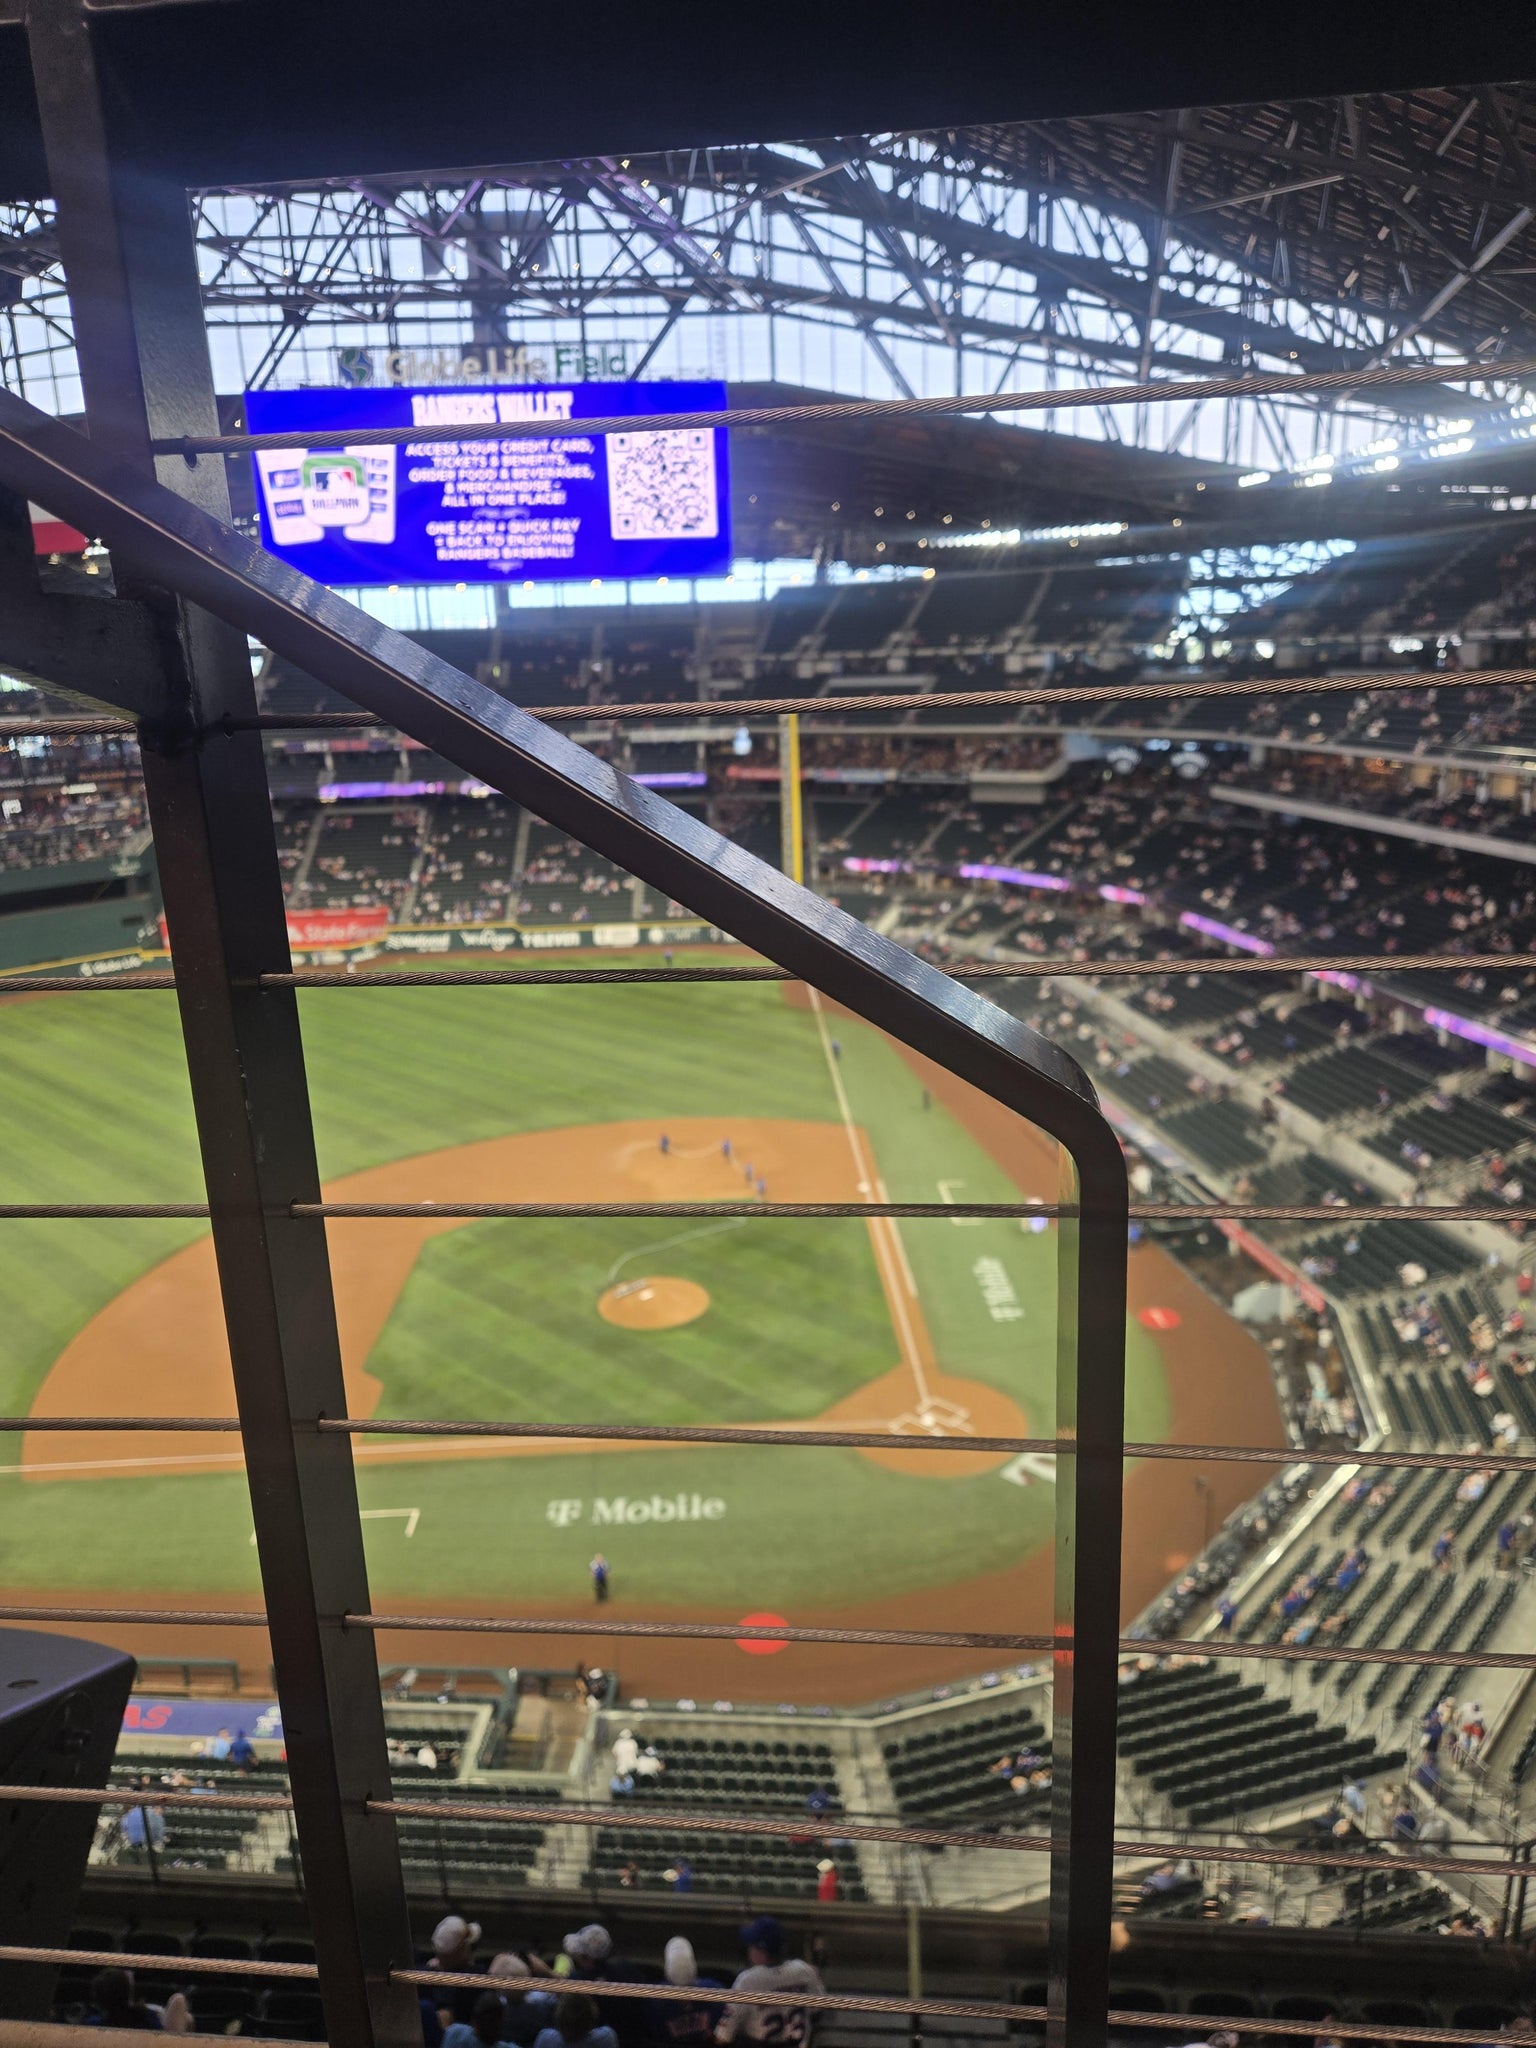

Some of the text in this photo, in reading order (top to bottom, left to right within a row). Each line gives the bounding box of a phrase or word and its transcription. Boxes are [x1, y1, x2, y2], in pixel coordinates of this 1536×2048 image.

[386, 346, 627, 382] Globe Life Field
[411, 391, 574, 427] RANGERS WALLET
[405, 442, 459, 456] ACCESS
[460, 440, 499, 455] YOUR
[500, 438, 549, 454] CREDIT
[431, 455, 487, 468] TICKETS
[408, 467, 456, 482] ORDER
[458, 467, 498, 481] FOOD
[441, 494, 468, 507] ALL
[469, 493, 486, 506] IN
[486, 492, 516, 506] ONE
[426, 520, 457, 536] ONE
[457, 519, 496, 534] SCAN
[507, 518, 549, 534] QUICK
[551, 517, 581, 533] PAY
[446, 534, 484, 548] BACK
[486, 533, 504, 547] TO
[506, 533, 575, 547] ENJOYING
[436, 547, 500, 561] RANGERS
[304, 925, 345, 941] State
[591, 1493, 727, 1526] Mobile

---------------

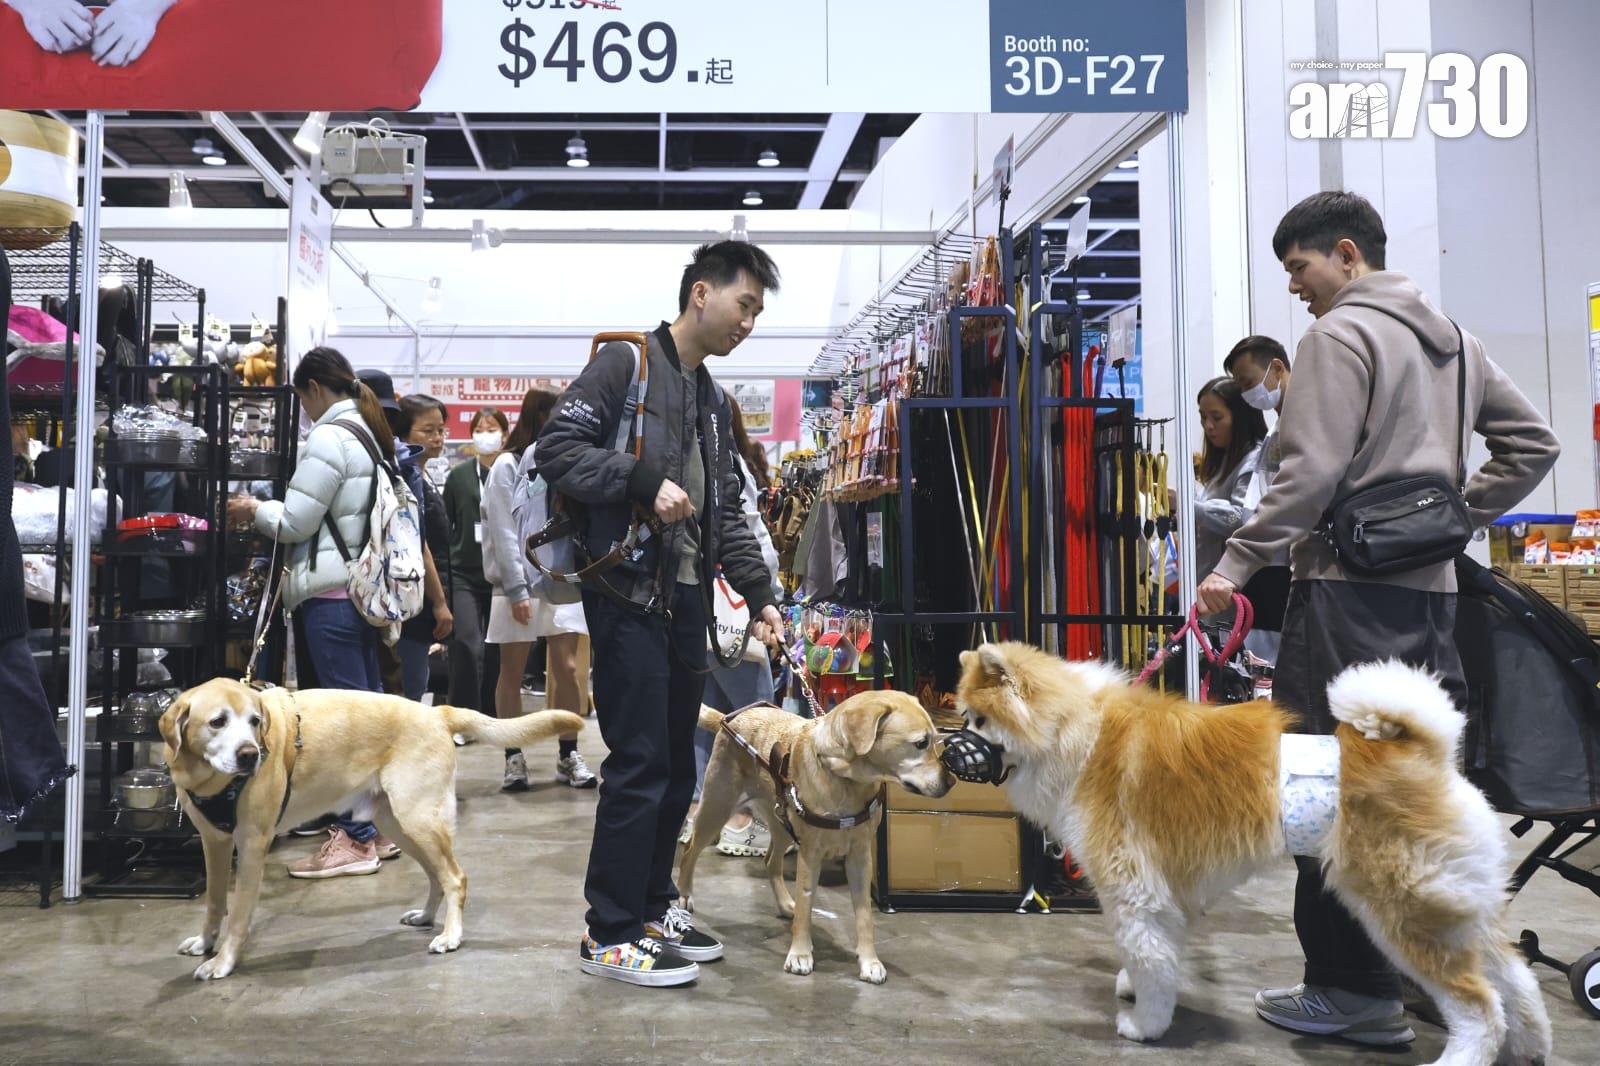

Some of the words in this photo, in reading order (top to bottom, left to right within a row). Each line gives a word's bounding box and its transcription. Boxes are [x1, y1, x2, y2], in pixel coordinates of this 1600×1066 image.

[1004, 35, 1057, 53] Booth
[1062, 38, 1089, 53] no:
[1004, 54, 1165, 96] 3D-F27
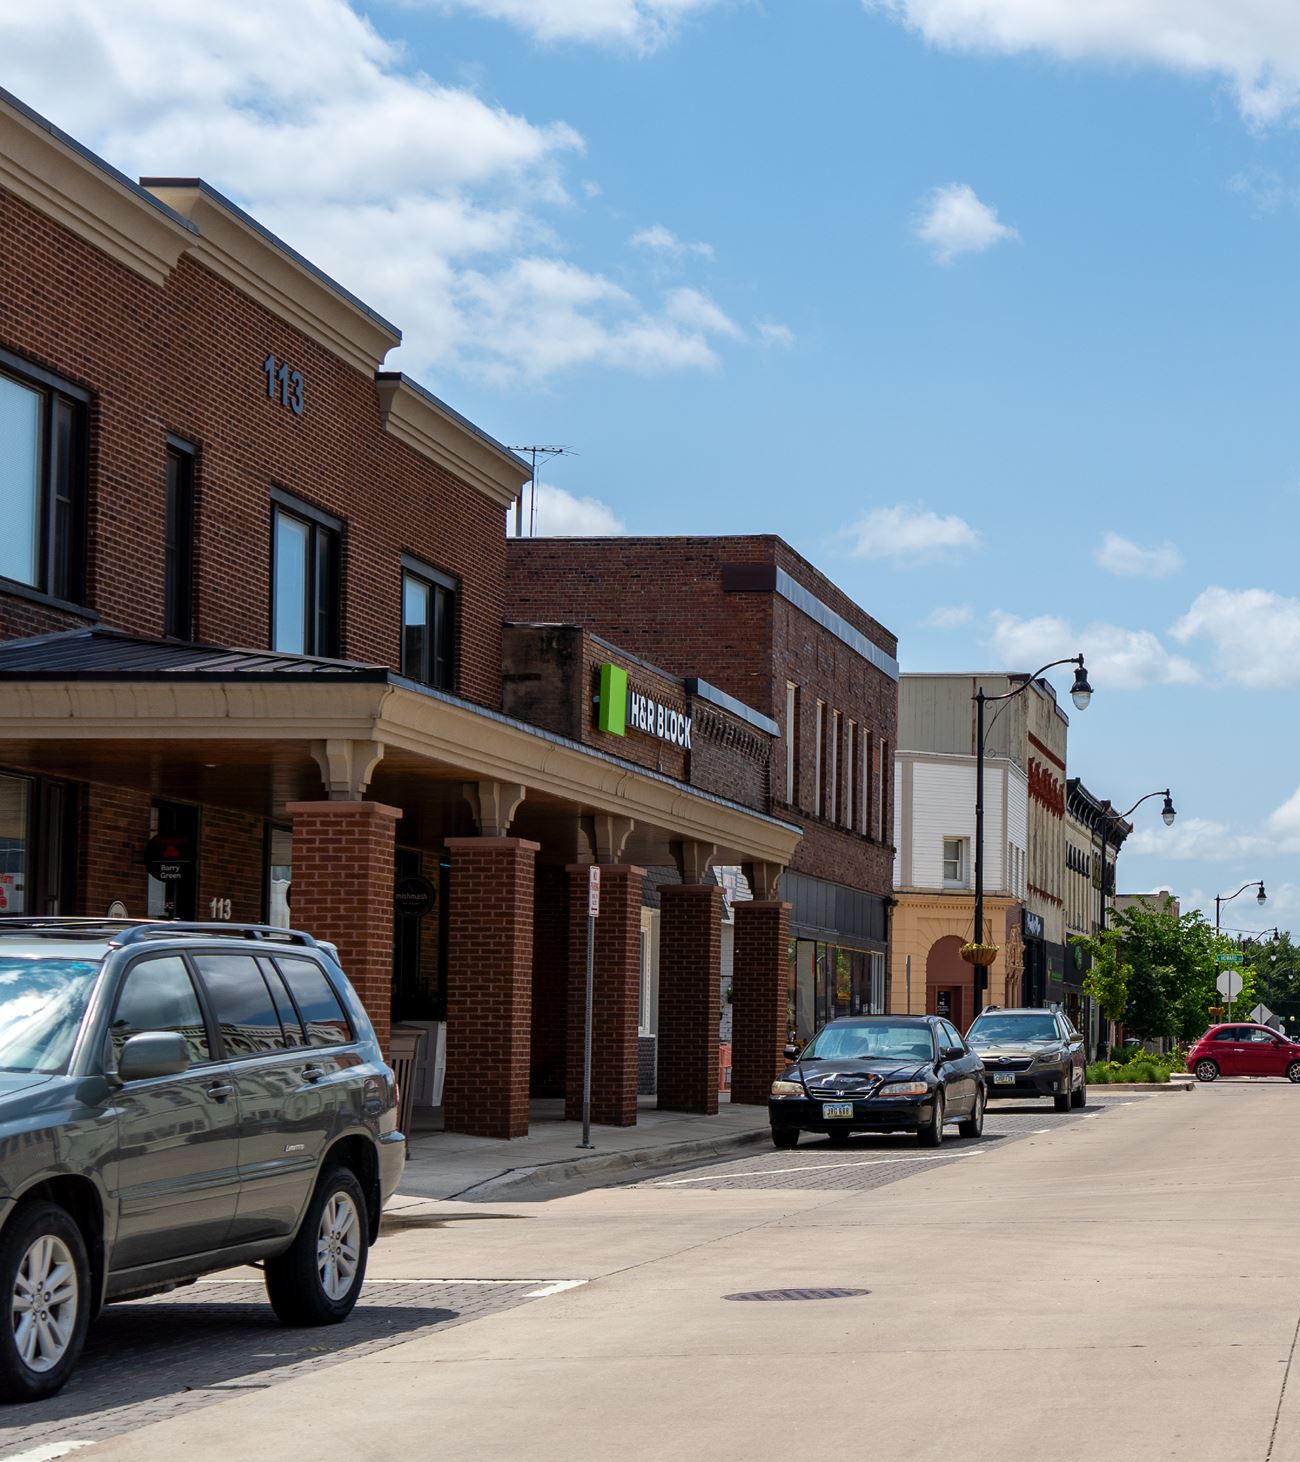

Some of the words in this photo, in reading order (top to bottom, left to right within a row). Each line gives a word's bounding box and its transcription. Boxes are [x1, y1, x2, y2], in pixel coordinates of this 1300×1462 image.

---------------

** Task objective **
When copying from the data above, begin at the line containing "this 1600×1066 image." and end at the line containing "this 1300×1462 image."; return those lines exactly and leave all pictures behind.

** Task result **
Some of the words in this photo, in reading order (top to bottom, left to right within a row). Each line gives a word's bounding box and its transcription. Boxes are [x1, y1, x2, y2], in pixel coordinates of this 1600×1066 image.

[1004, 35, 1057, 53] Booth
[1062, 38, 1089, 53] no:
[1004, 54, 1165, 96] 3D-F27

Some of the words in this photo, in reading order (top to bottom, left to right within a row). Each line gives a word's bounding box and its transcription. Boxes are [x1, y1, x2, y2], in pixel coordinates of this 1300×1462 image.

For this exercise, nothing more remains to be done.